Shares of Wuhan Iron & Steel Co, China's third-biggest steel maker by market value, surged 9.98 percent to 15.21 yuan, while Ma'anshan Iron & Steel Co Ltd rose 10 percent to close at 10.20 yuan.
Industrial and Commercial Bank of China surged 9.75 percent to 7.09 yuan and Huaxia Bank Co Ltd rose 10 percent to 18.67 yuan.
China Merchants Bank surged 8.73 percent to 35.98 yuan and Bank of China rose 5.9 percent to 6.10 yuan.
China Vanke Co, the nation's largest listed developer, rose 7.2 percent to 33.07 yuan, while Poly Real Estate Group Co rose 5.67 percent to 73.45 yuan.
Other key stock indexes in Asia also reported large gains.
The Nikkei 225 rose three percent, or 458.80 points, to 15,732.48 points on the Tokyo Stock Exchange. On Friday, the index lost 5.42 percent, or 874.81 points, its largest one-day point loss since it gave up 1,426.04 points on April 17, 2000.

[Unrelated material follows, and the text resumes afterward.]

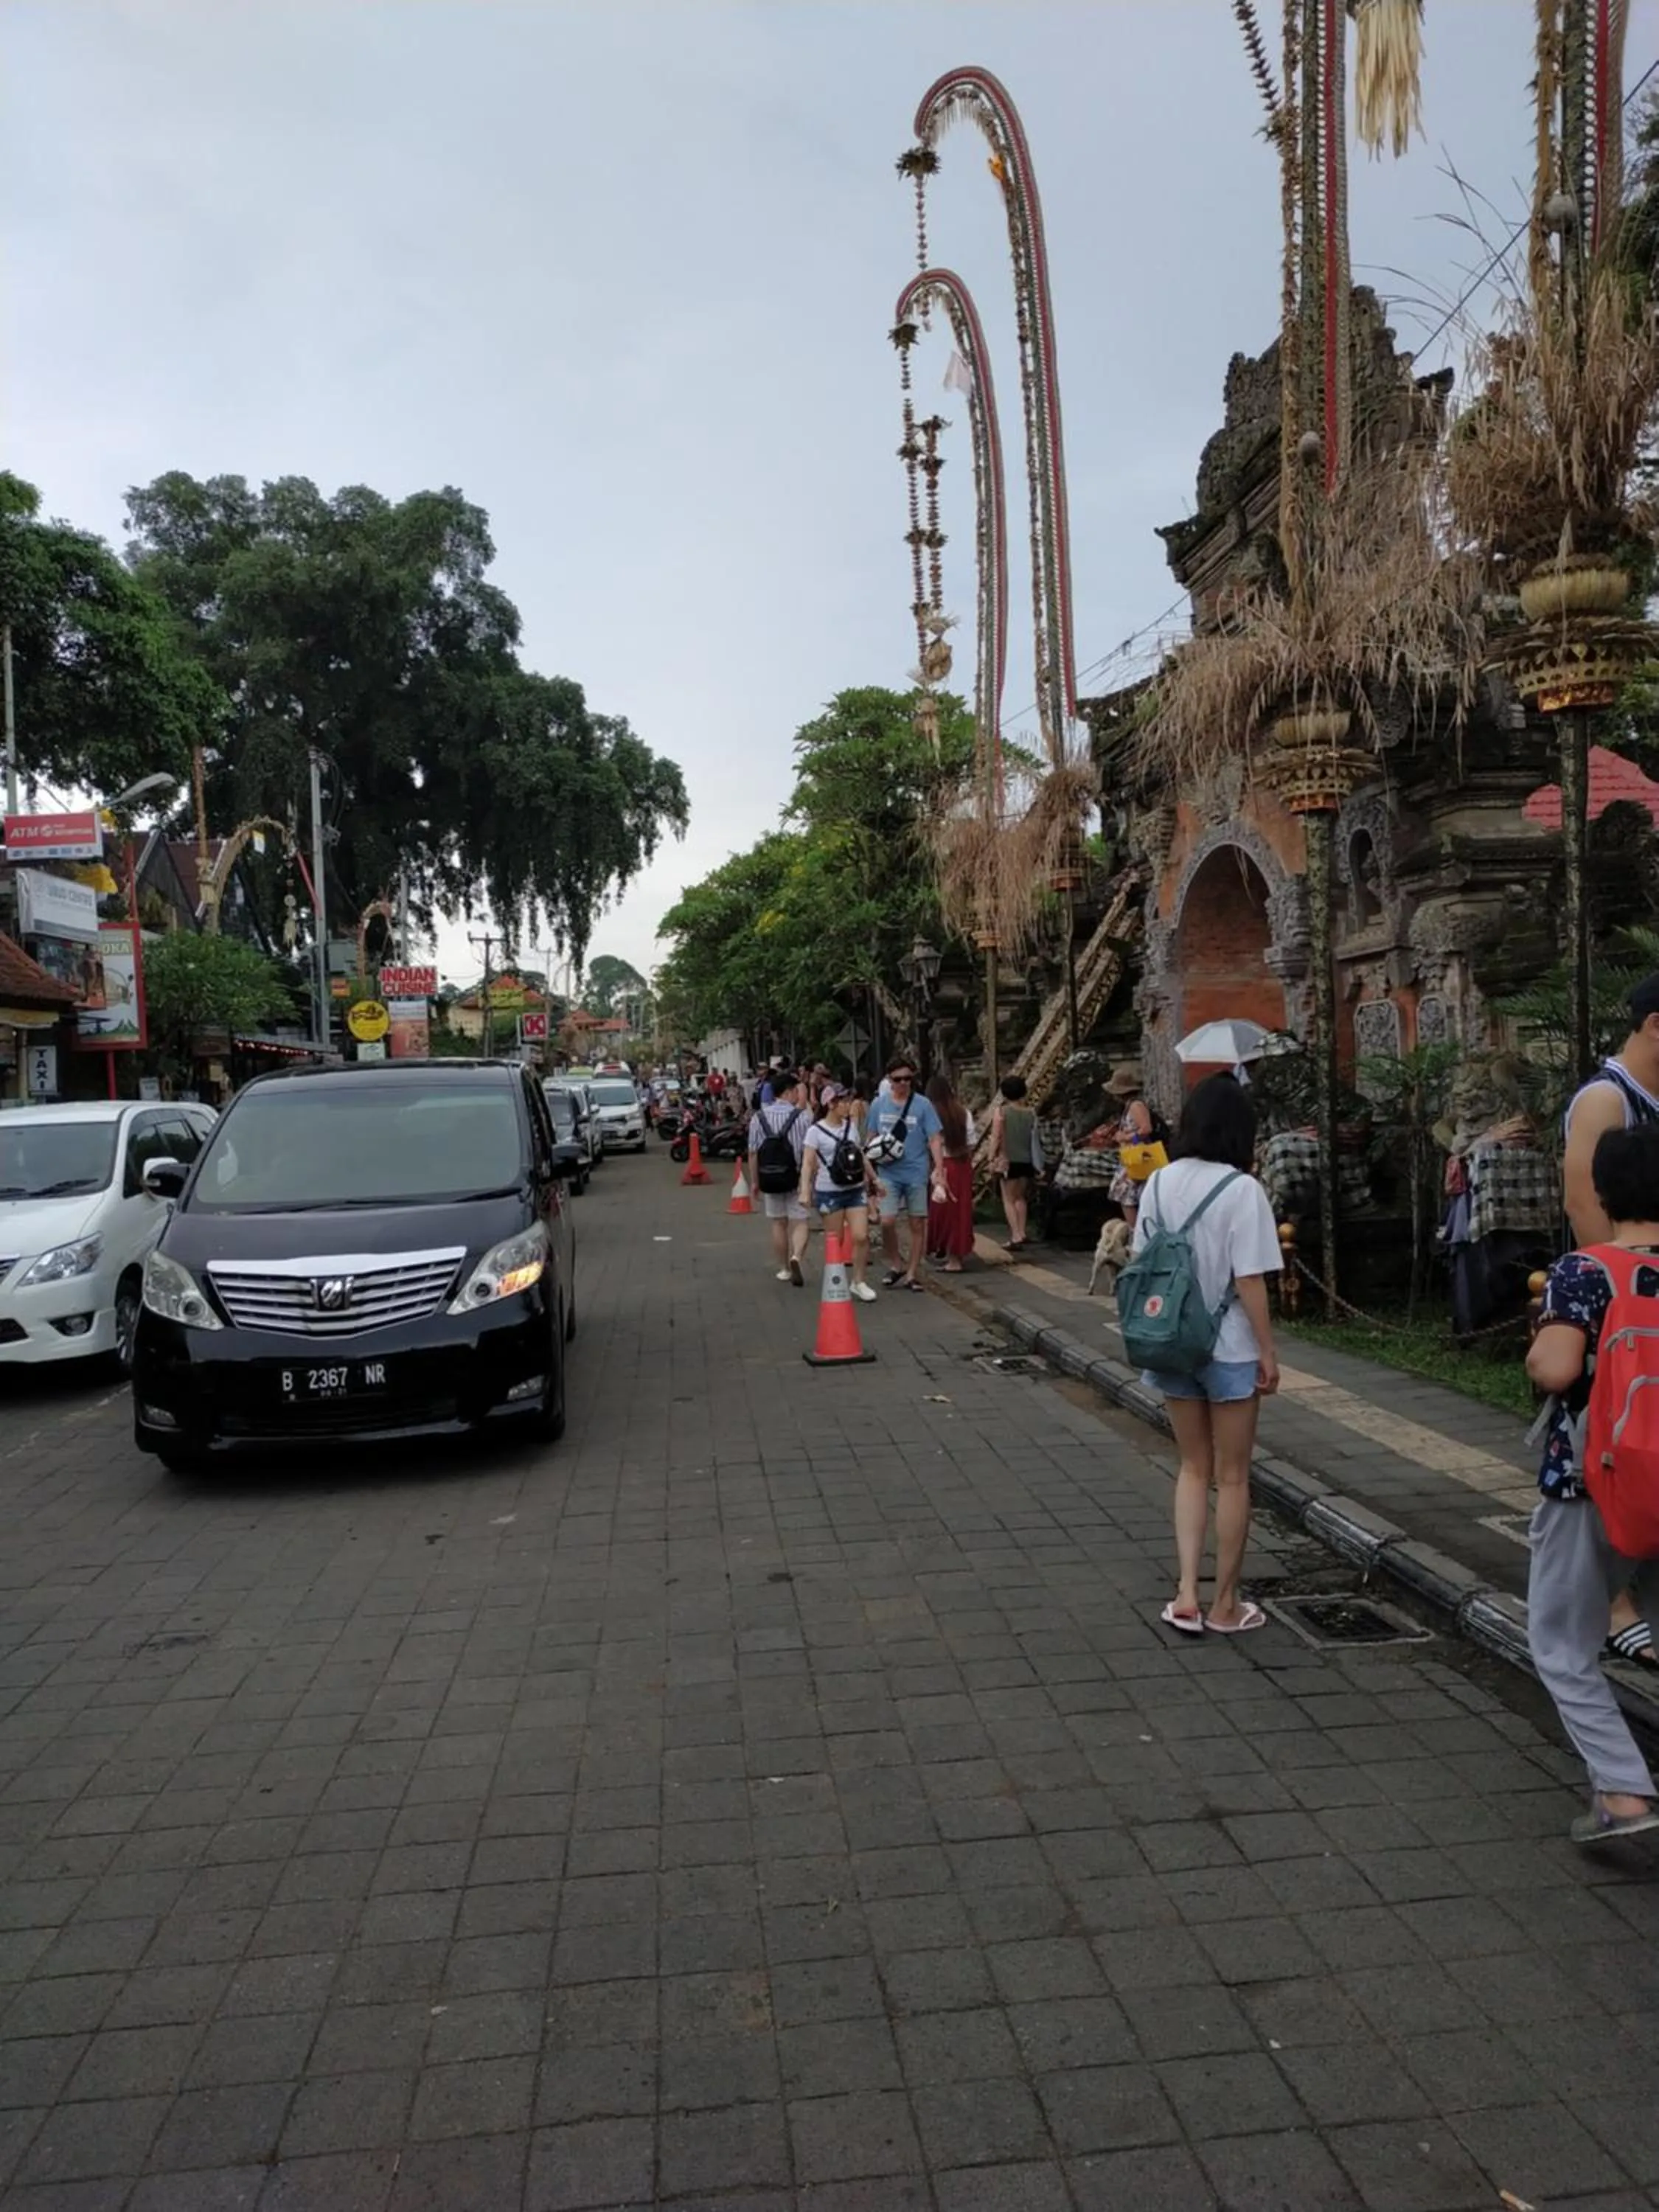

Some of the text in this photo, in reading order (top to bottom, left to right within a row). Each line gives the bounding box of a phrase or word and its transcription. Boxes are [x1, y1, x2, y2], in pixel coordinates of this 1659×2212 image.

The Korea Composite Stock Price Index rose 5.7 percent, or 93.20 points, to close at 1,731.27. It was also the biggest percentage gain in more than five years, according to the Korea Exchange.
On Friday in New York, the Dow Jones industrial average surged 1.82 percent, or 233.30 points, to 13,079.08 after the Fed cut its key discount rate a half percentage point to calm subprime-induced credit worries.
The central bank reduced the rate at which it makes direct loans to banks by 0.5 percentage point to 5.75 percent. Policy makers kept their benchmark federal funds rate target unchanged at 5.25 percent.
It was the first reduction in borrowing costs between scheduled meetings of the Federal Open Market Committee since 2001 and Ben S. Bernanke's first as Fed chairman.